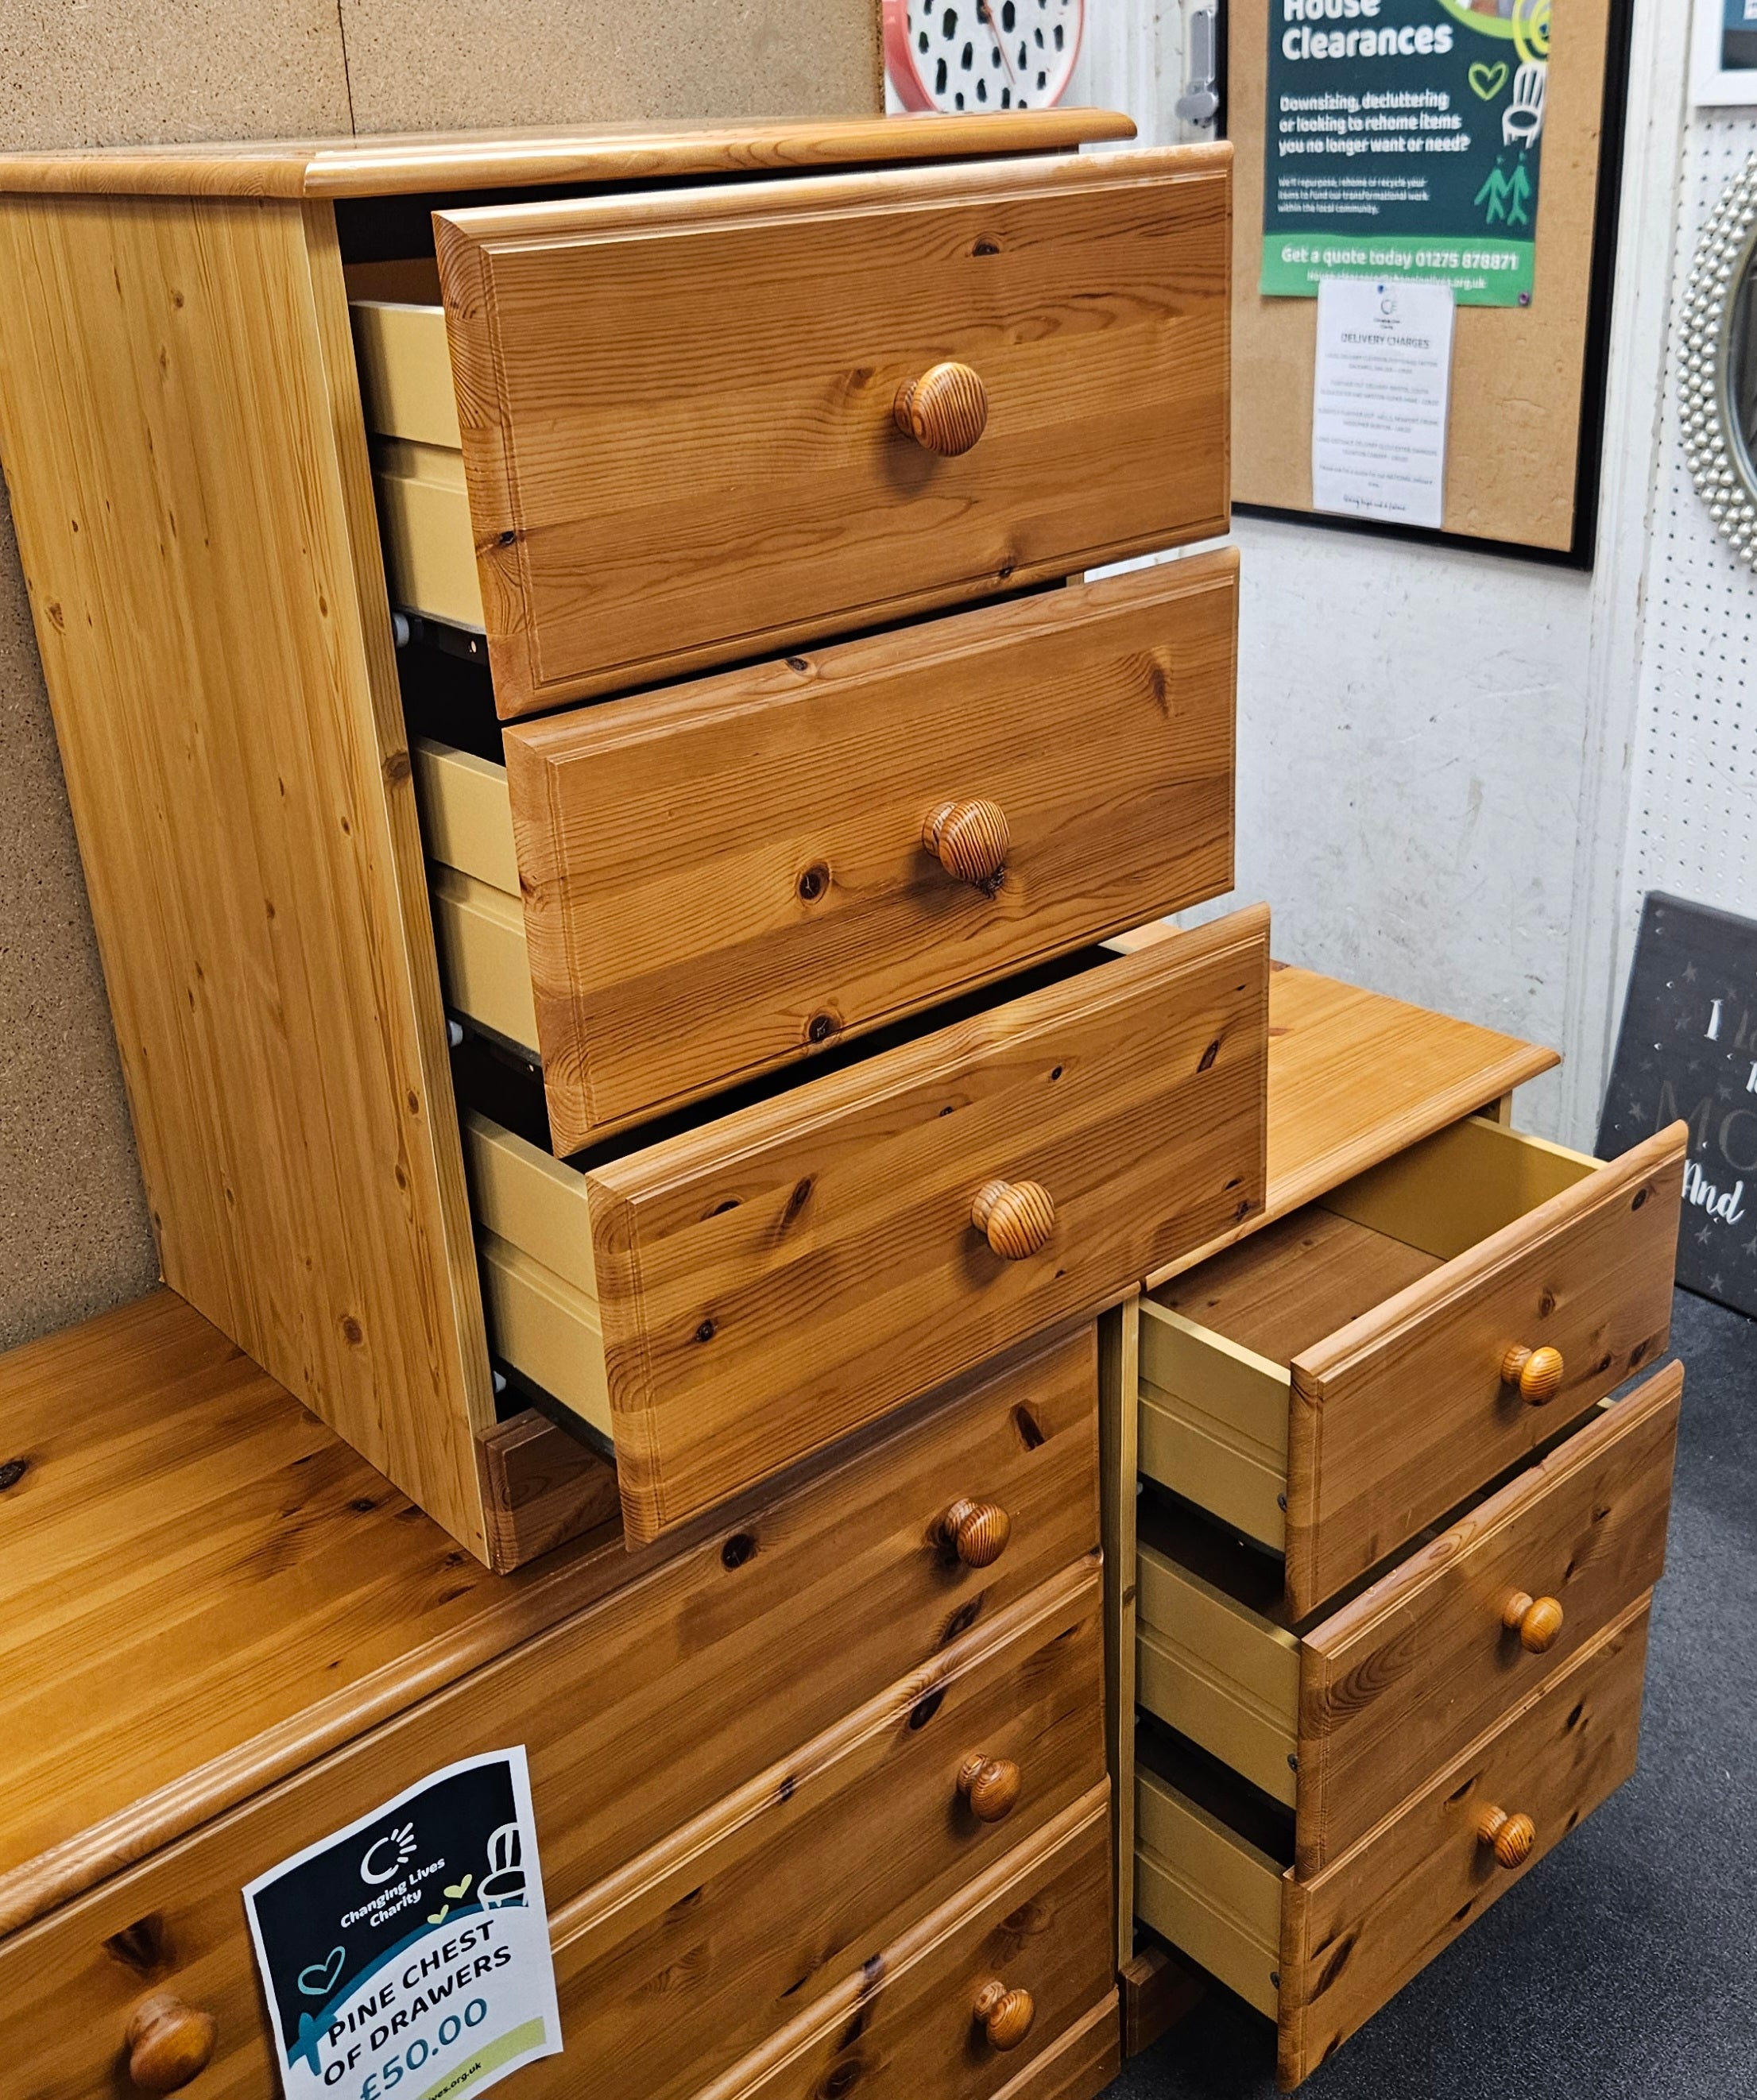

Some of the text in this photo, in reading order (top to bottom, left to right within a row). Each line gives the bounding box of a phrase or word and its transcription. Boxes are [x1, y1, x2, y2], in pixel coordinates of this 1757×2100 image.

[1284, 0, 1381, 21] House
[1282, 25, 1454, 60] Clearances
[1279, 89, 1450, 113] Downsizing, decluttering
[1279, 110, 1462, 134] or looking to rehome items
[1279, 133, 1472, 157] you no longer want or need?
[1281, 246, 1519, 270] Get a quote today 01275 878871
[1341, 333, 1430, 349] DELIVERY CHARGES
[340, 1858, 446, 1928] Changing Lives
[370, 1889, 422, 1927] Charity
[327, 1920, 494, 2048] PINE CHEST
[323, 1946, 513, 2086] OF DRAWERS
[359, 1998, 488, 2100] £50.00
[428, 2062, 482, 2100] ves.org.uk
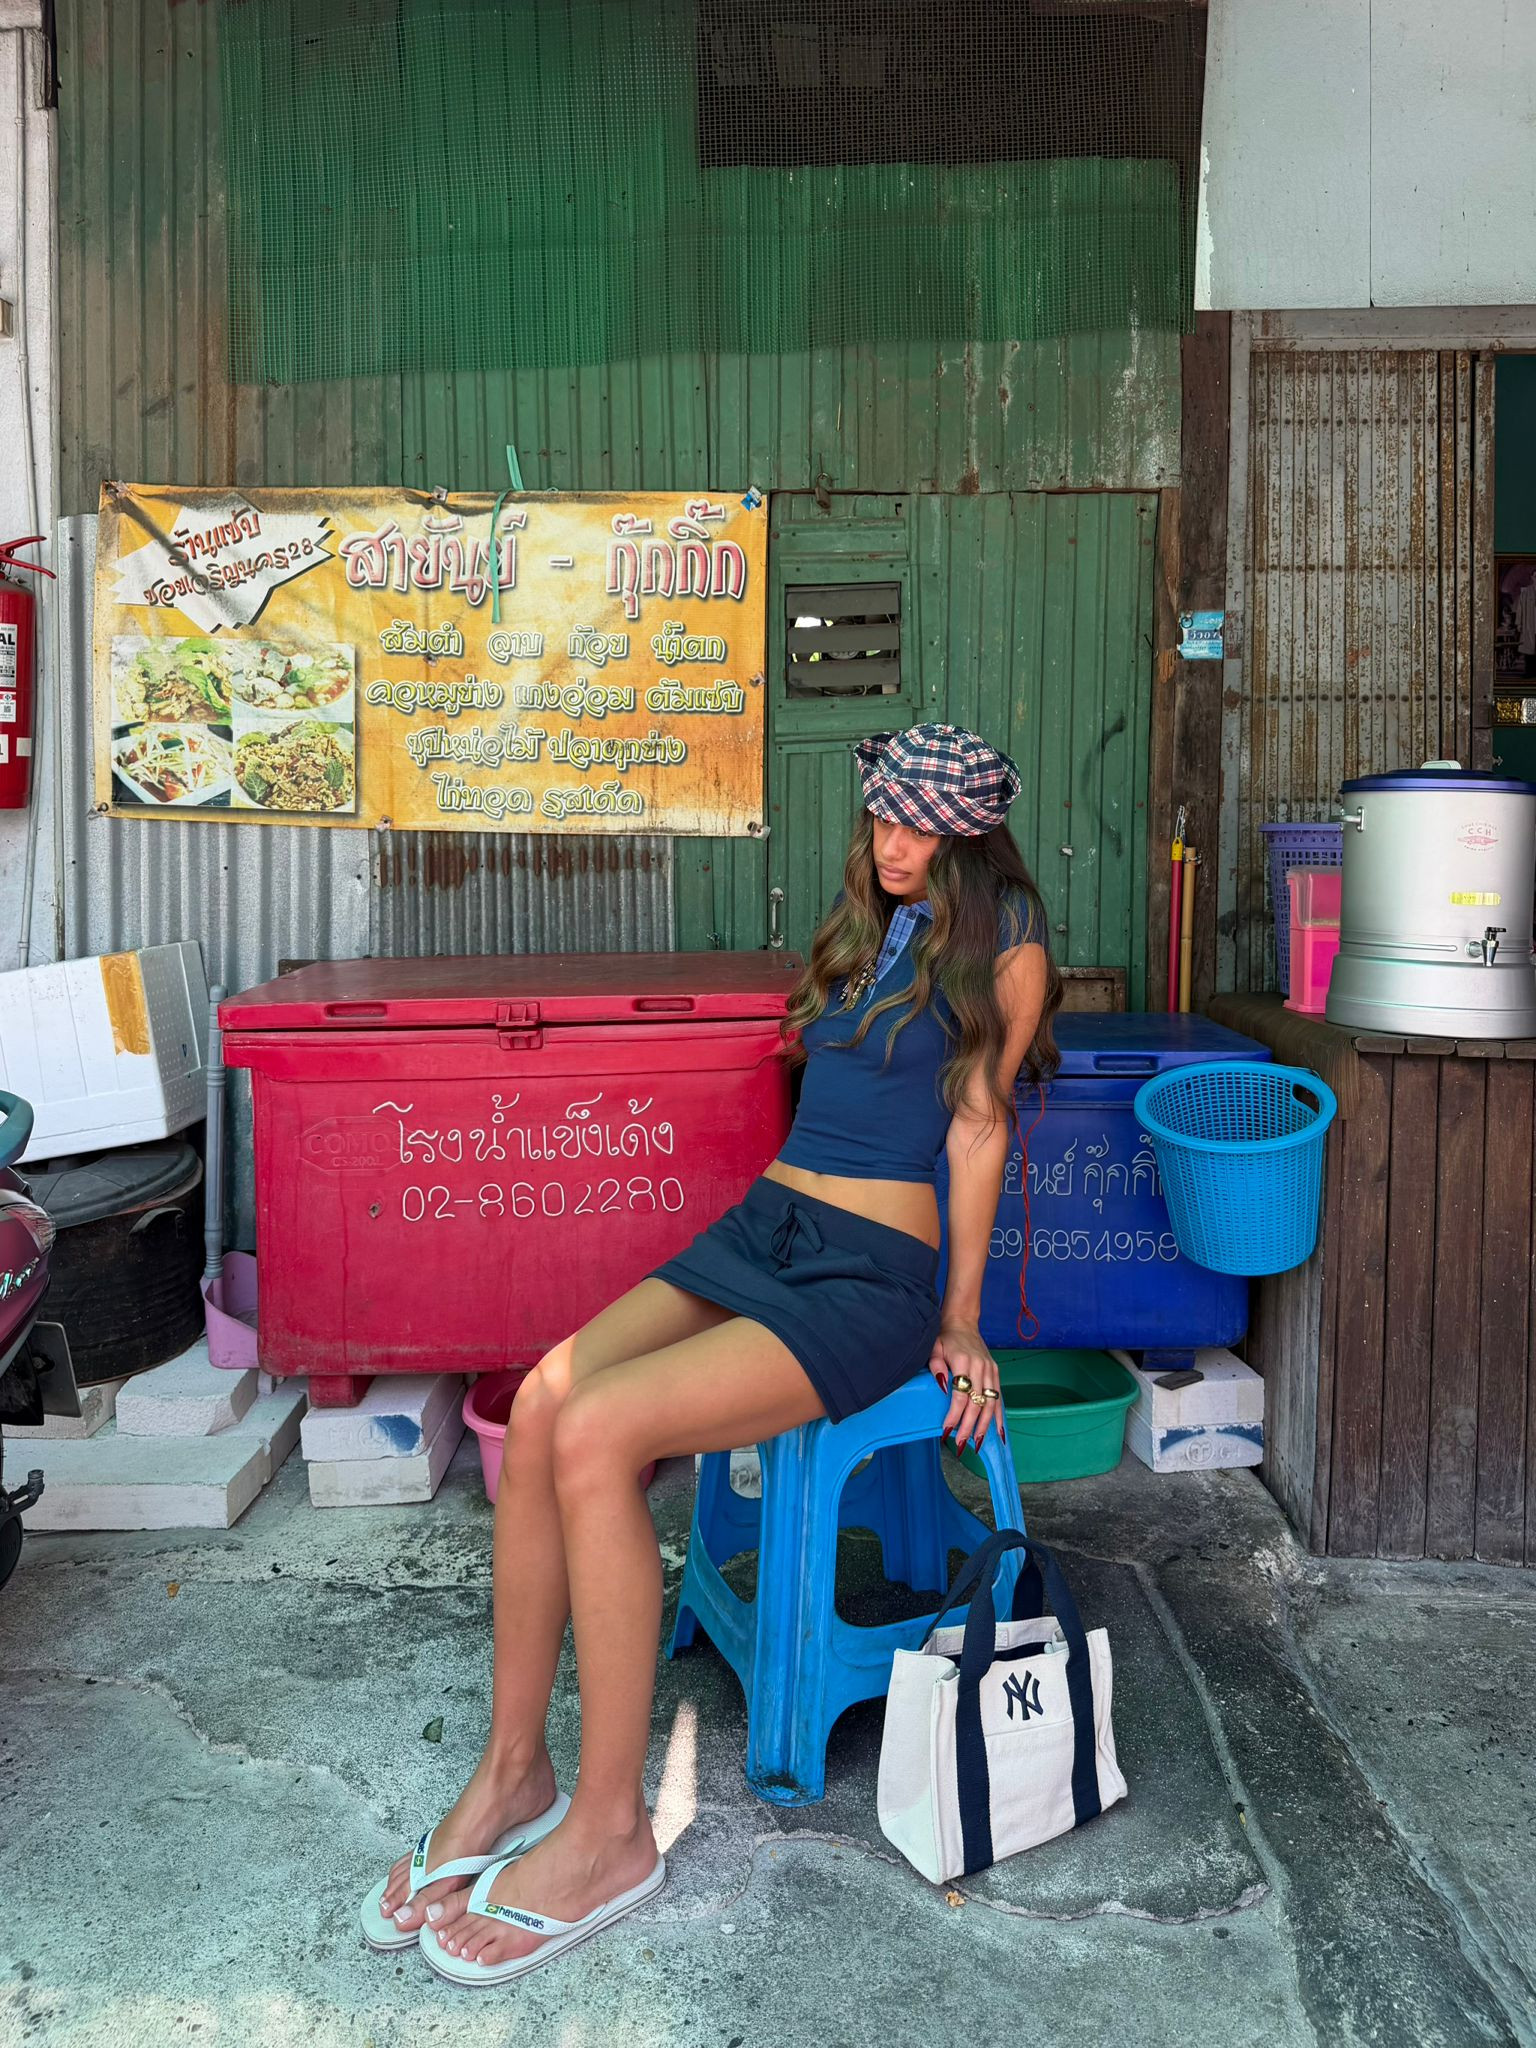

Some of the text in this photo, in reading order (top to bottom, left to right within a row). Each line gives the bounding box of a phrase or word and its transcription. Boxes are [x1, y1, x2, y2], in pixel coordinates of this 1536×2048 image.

━━━━━━━━━━━━━━━━

• WORK TO BE COMPLETED
The copy you give must repeat each record character for character, but it must not include the pictures.

• RESPONSE TO THIS TASK
Some of the text in this photo, in reading order (top to bottom, left to right within a row). Each line gives the bounding box of a phrase or word and its transcription. Boxes are [x1, y1, x2, y2], in pixel coordinates of this 1757×2100 image.

[1284, 0, 1381, 21] House
[1282, 25, 1454, 60] Clearances
[1279, 89, 1450, 113] Downsizing, decluttering
[1279, 110, 1462, 134] or looking to rehome items
[1279, 133, 1472, 157] you no longer want or need?
[1281, 246, 1519, 270] Get a quote today 01275 878871
[1341, 333, 1430, 349] DELIVERY CHARGES
[340, 1858, 446, 1928] Changing Lives
[370, 1889, 422, 1927] Charity
[327, 1920, 494, 2048] PINE CHEST
[323, 1946, 513, 2086] OF DRAWERS
[359, 1998, 488, 2100] £50.00
[428, 2062, 482, 2100] ves.org.uk

Some of the text in this photo, in reading order (top to bottom, left to right within a row). Each line gives the bounding box of a phrase or word and its transcription. Boxes are [x1, y1, x2, y2], in pixel coordinates of this 1536×2048 image.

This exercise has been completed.